Jackson Lamb is at the heart of these various dramas. He is in charge of Slough House, the only one who is apparently there by choice, for reasons that are never revealed. Unlike his charges, he is obnoxious but infallible, a superhero in an ill-fitting suit with a fag in his mouth, smelling of booze. 

The orchestration of these various strands is beautifully complex. You are carried along by the story and can have confidence with Herron that you are not going to be dropped

Slough House would probably have been spot-on topical, if it weren’t for Covid. Even so, the horrendous Judd, wilfully inciting trouble just to the point where he (thinks he) can control it, the players behind the scenes manipulating events for their own advancement, regardless of who gets hurt, make this book angrier, funnier and darker than ever, with an ending that leaves you holding your breath for the next one.

I received a copy of Slough House from the publisher via Netgalley.
View Slough House on Goodreads

Want to know more about Mick Herron and the Slough House novels?
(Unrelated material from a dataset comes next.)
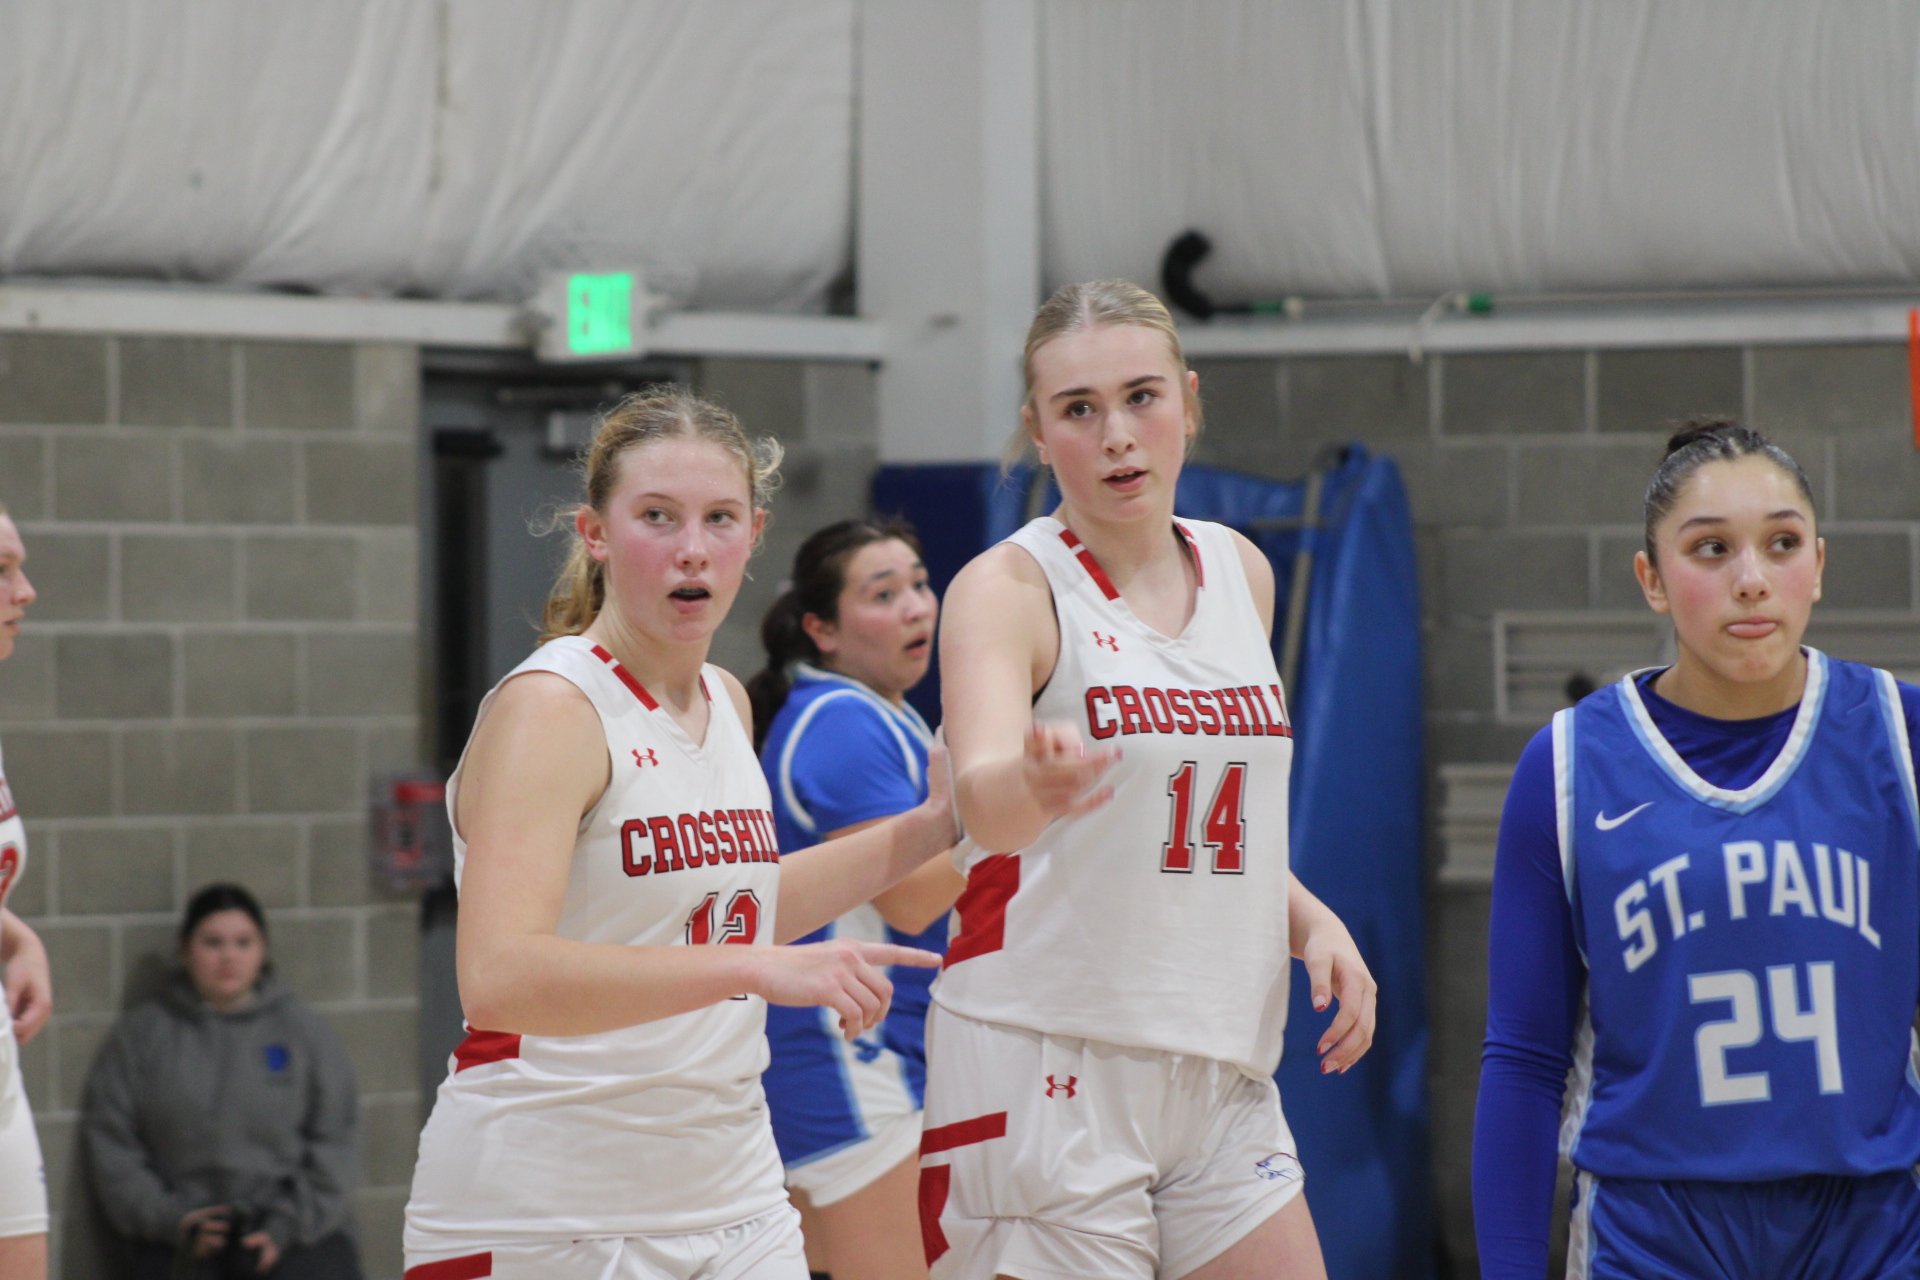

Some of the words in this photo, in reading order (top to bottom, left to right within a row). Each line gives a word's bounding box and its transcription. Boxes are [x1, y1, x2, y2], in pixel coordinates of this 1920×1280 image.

[1160, 760, 1247, 875] 14
[1613, 853, 1705, 973] ST.
[1722, 840, 1881, 950] PAUL
[1687, 961, 1844, 1107] 24
I enjoyed the London Review Bookshop podcast with Mick Herron in which he discusses his debt to John Le Carre and Len Deighton, how he was inspired by failure, and the location of the real Slough House.

1 Comment

  1. Buildings above empty shops: now there are even more of those than there once were, so plenty more potential to imagine new stories playing out up there. It’s a good sign that, seven books in, you’re still enjoying the series!